PROBLEM DESCRIPTION: This exercise requires an exact output of the listing, images omitted.

________________________

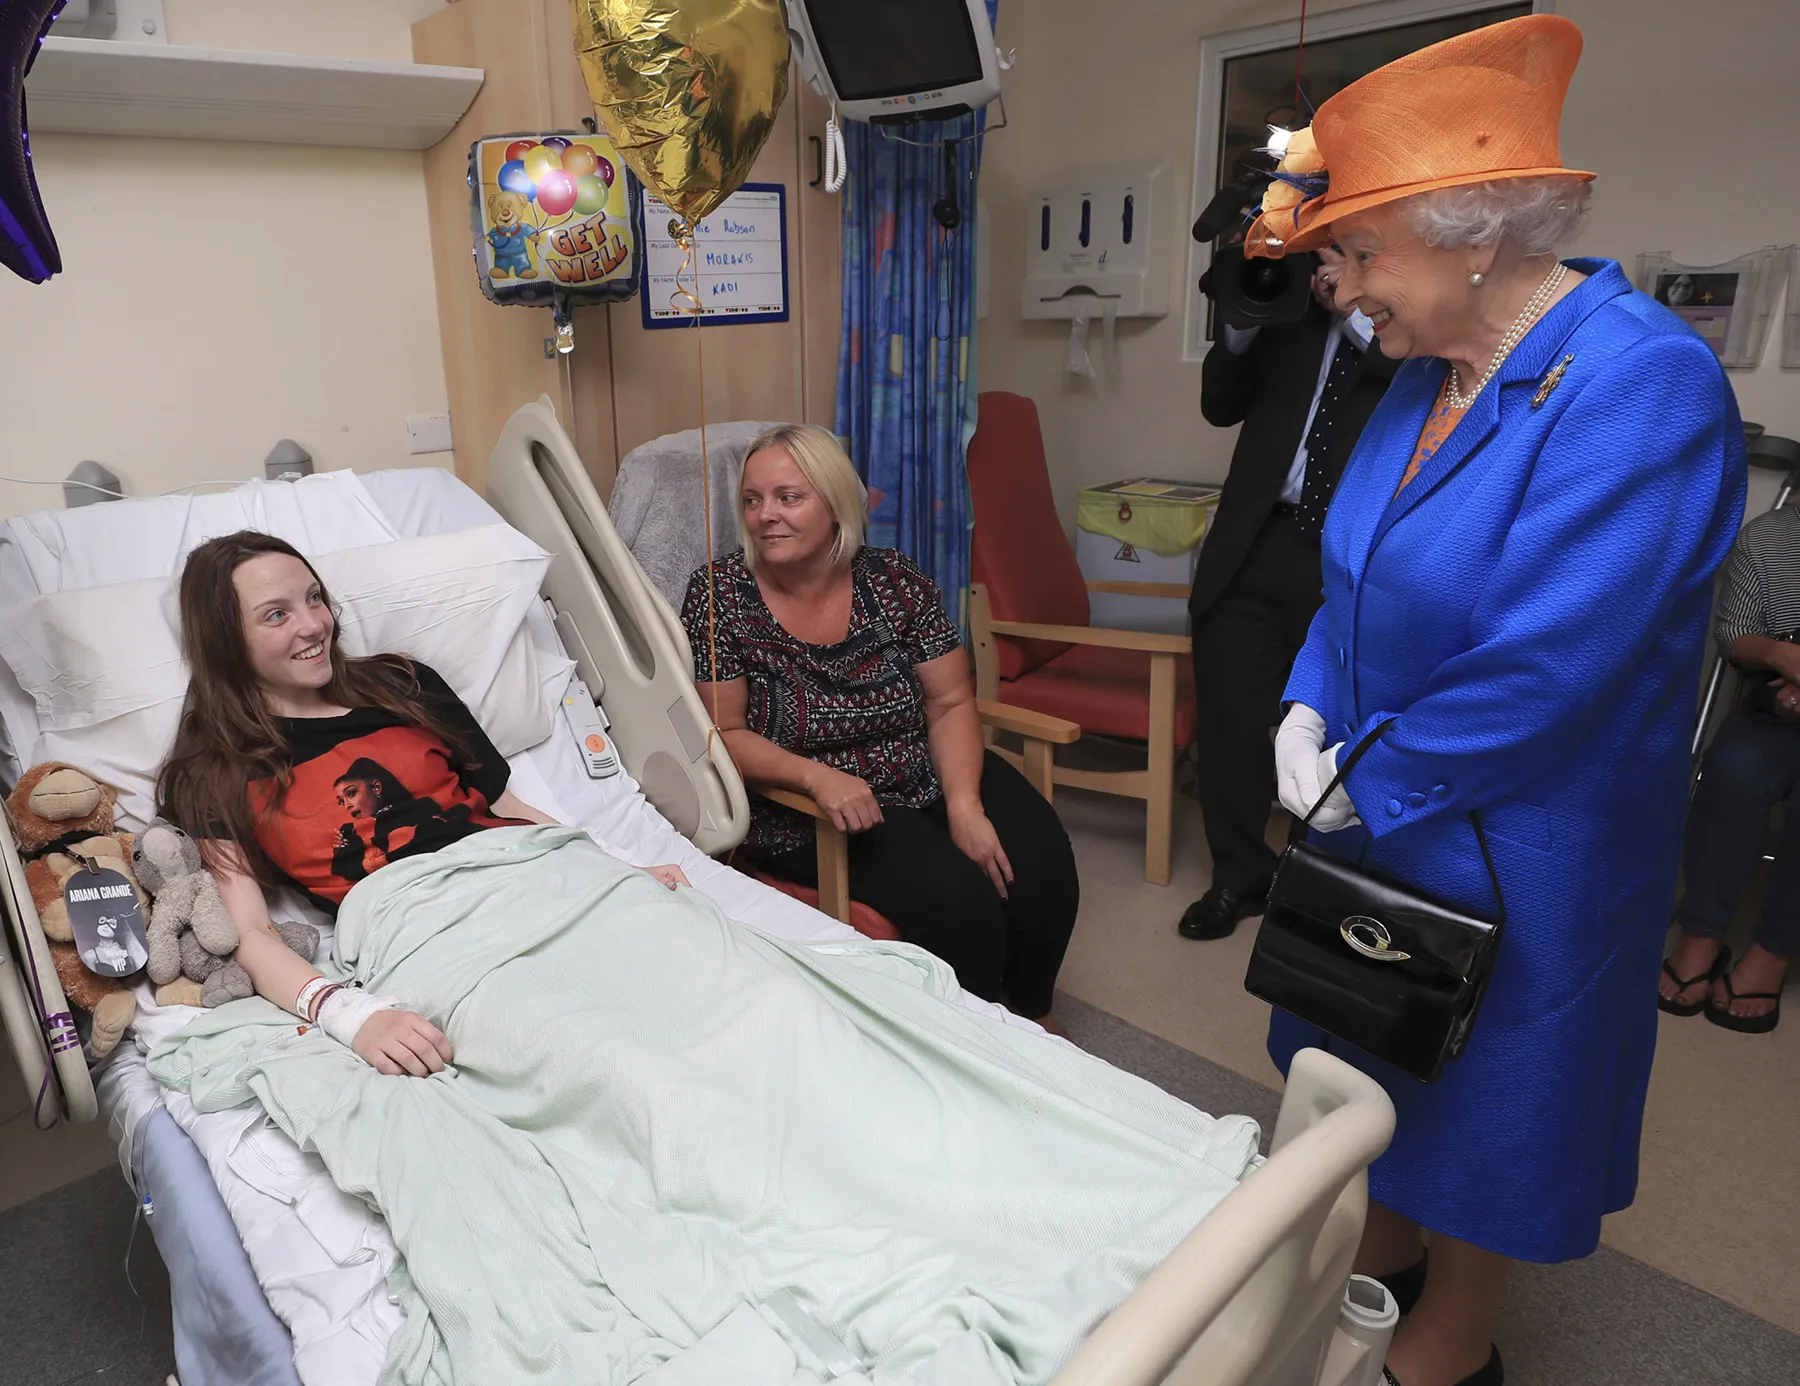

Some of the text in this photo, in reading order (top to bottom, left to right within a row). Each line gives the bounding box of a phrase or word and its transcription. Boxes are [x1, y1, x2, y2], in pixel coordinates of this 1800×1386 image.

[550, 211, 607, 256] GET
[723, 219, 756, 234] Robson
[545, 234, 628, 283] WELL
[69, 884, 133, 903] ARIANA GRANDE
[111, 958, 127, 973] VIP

________________________

EXPECTED OUTPUT:
Some of the text in this photo, in reading order (top to bottom, left to right within a row). Each line gives the bounding box of a phrase or word and its transcription. Boxes are [x1, y1, x2, y2], in pixel coordinates of this 1800×1386 image.

[550, 211, 607, 256] GET
[723, 219, 756, 234] Robson
[545, 234, 628, 283] WELL
[69, 884, 133, 903] ARIANA GRANDE
[111, 958, 127, 973] VIP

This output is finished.